Background: Biomonitoring of chemicals in the workplace provides an integrated characterization of exposure that accounts for uptake through multiple pathways and physiological parameters influencing the toxicokinetics.

Objectives: We used the case of styrene to (i) determine the best times to sample venous blood and end-exhaled air, (ii) characterize the inter-individual variability in biological levels following occupational exposure and (iii) propose biological limit values using a population physiologically based pharmacokinetic (PBPK) model.

Methods: We performed Monte Carlo simulations with various physiological, exposure and workload scenarios. Optimal sampling times were identified through regression analyses between levels in biological samples and 24-h area under the arterial blood concentration vs. time curve. We characterized the variability in levels of styrene in biological samples for exposures to a time weighted average (TWA) of 20ppm.
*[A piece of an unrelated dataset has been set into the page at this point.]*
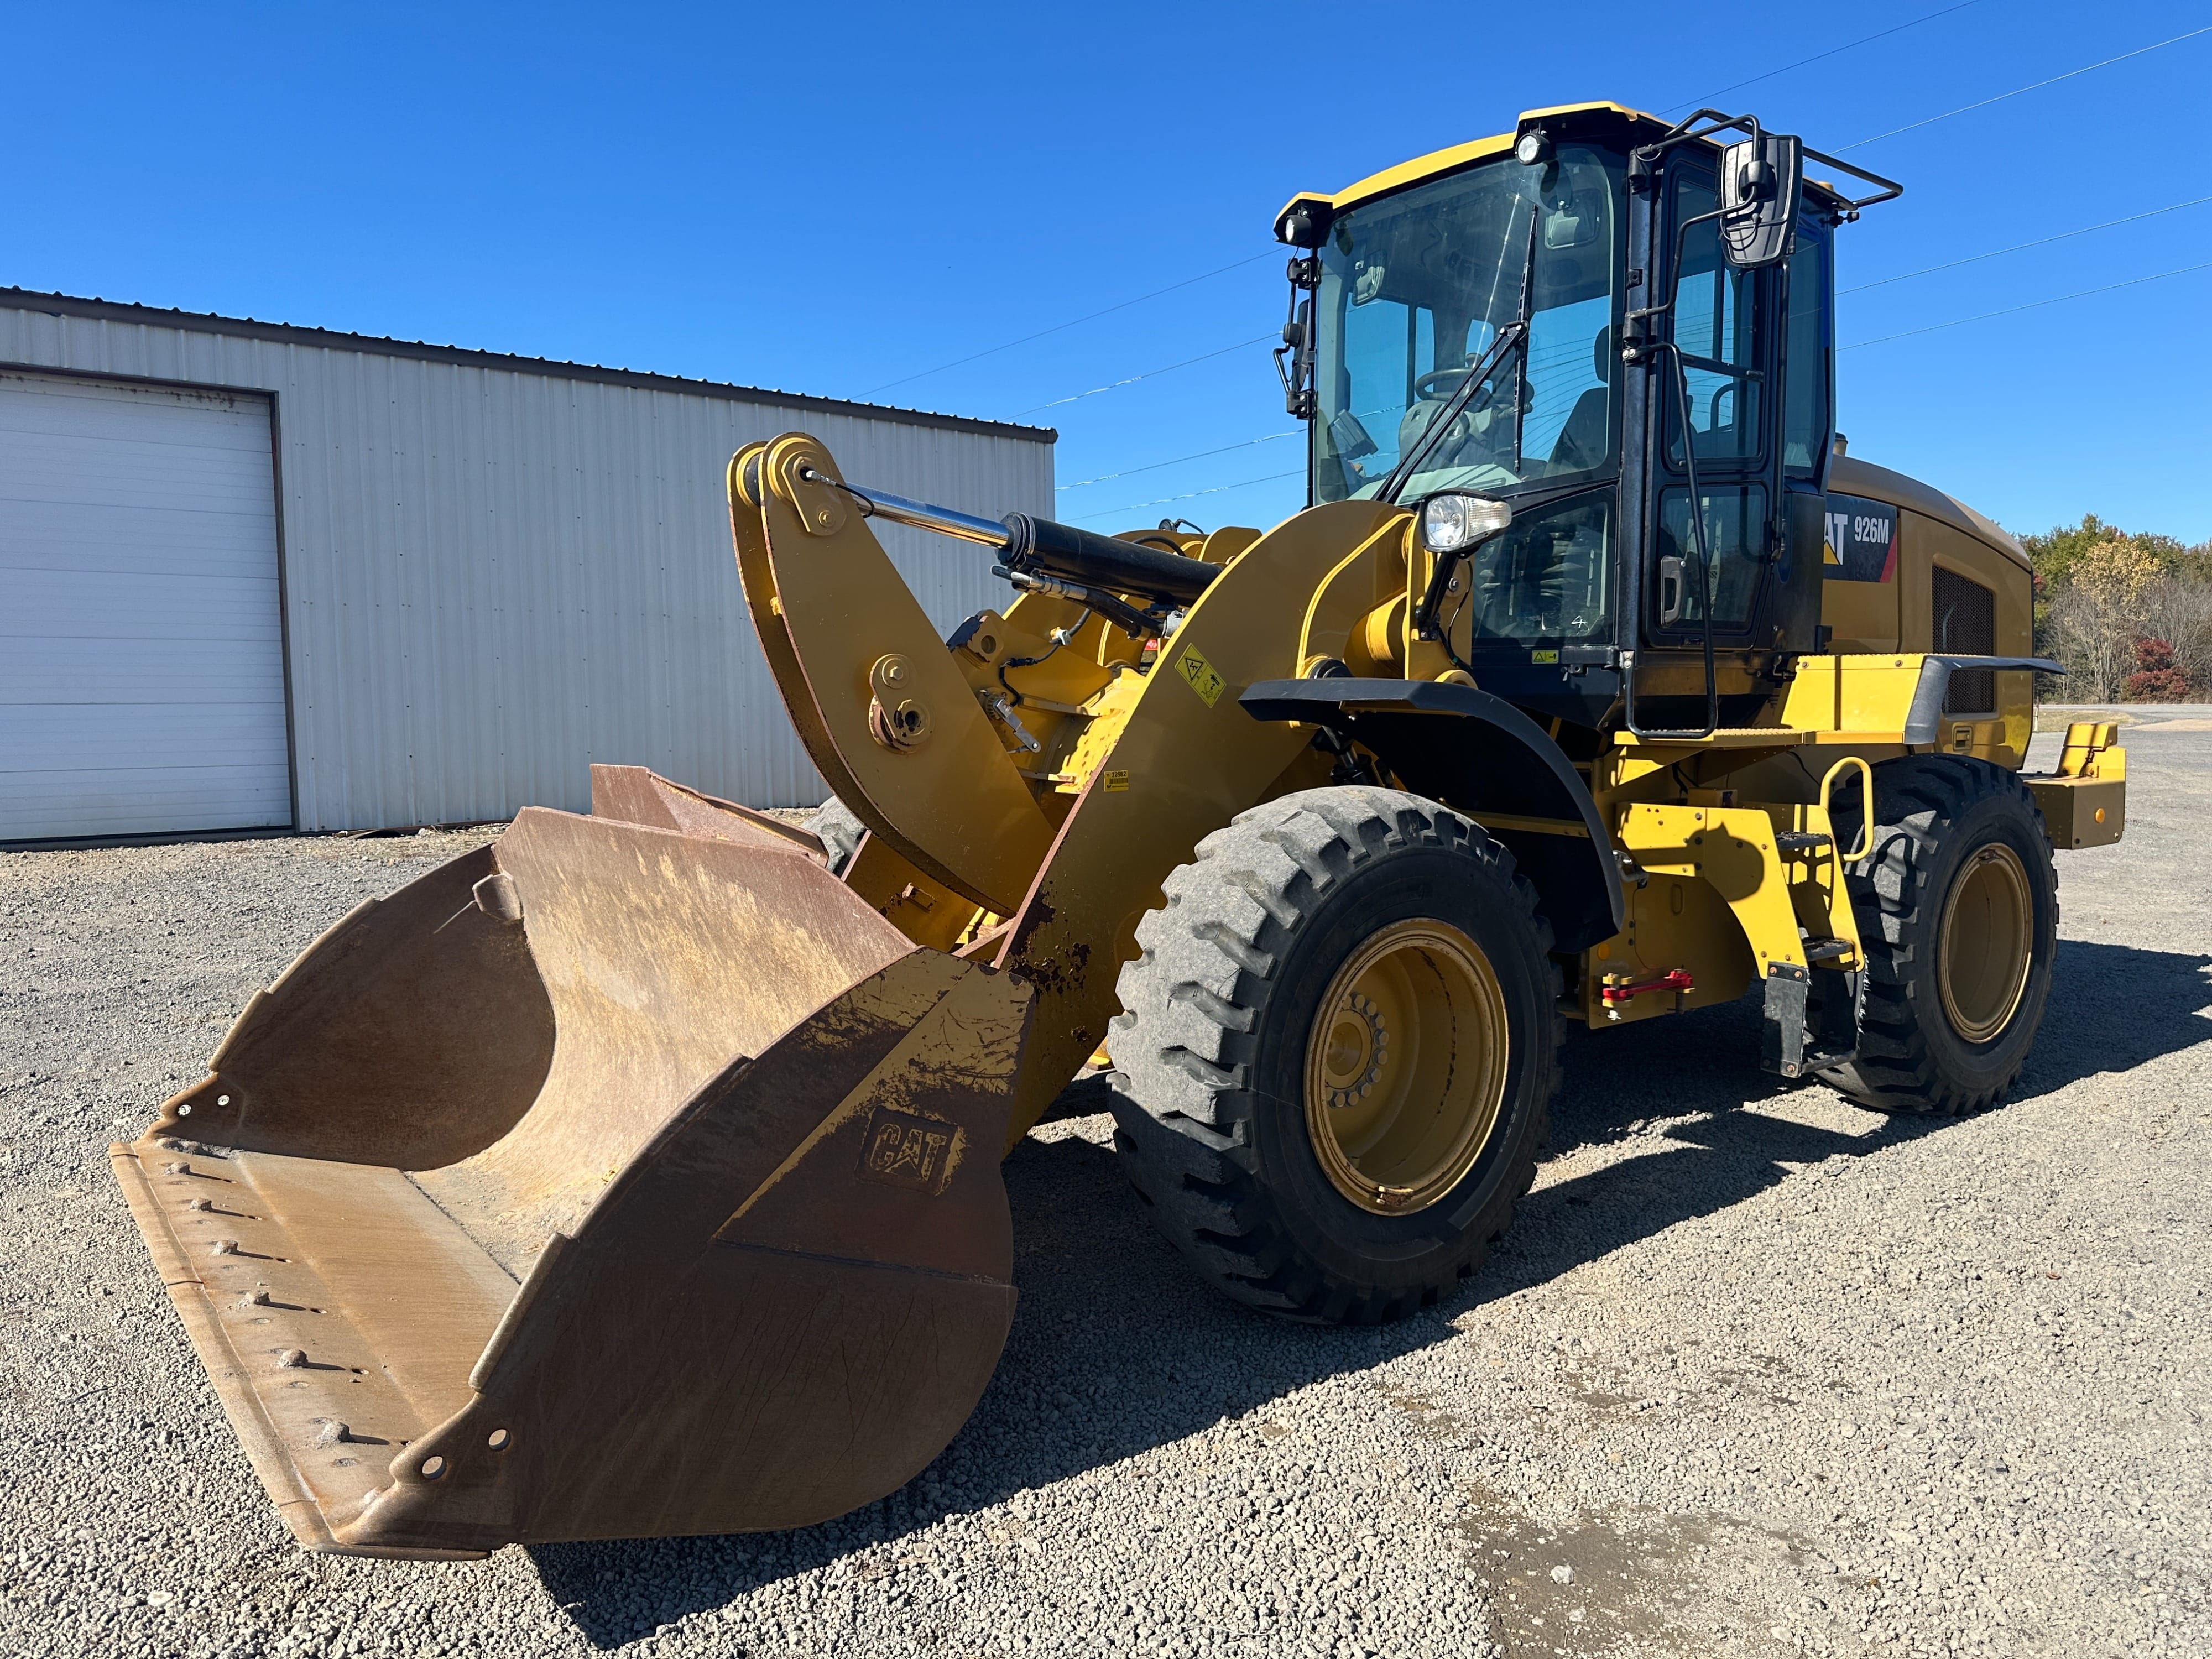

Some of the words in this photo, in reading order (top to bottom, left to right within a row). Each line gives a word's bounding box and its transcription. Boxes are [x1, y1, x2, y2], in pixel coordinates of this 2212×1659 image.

Results: Simulations suggest that the best times to sample venous blood are at the end of shift in poorly ventilated workplaces and 15min after the shift in highly ventilated workplaces. Exhaled air samples are most informative 15min after the shift. For a light workload, simulated styrene levels have a median (5th-95th percentiles) of 0.4mg/l (0.2-0.6) in venous blood at the end of shift and 0.5ppm (0.3-0.8) in exhaled air 15min after the end of shift.

Conclusion: This study supports the current BEI(®) of the ACGIH of 0.2mg/l of styrene in venous blood at the end of shift and indicates a biological limit value of 0.3ppm in end-exhaled air 15min after the end of shift.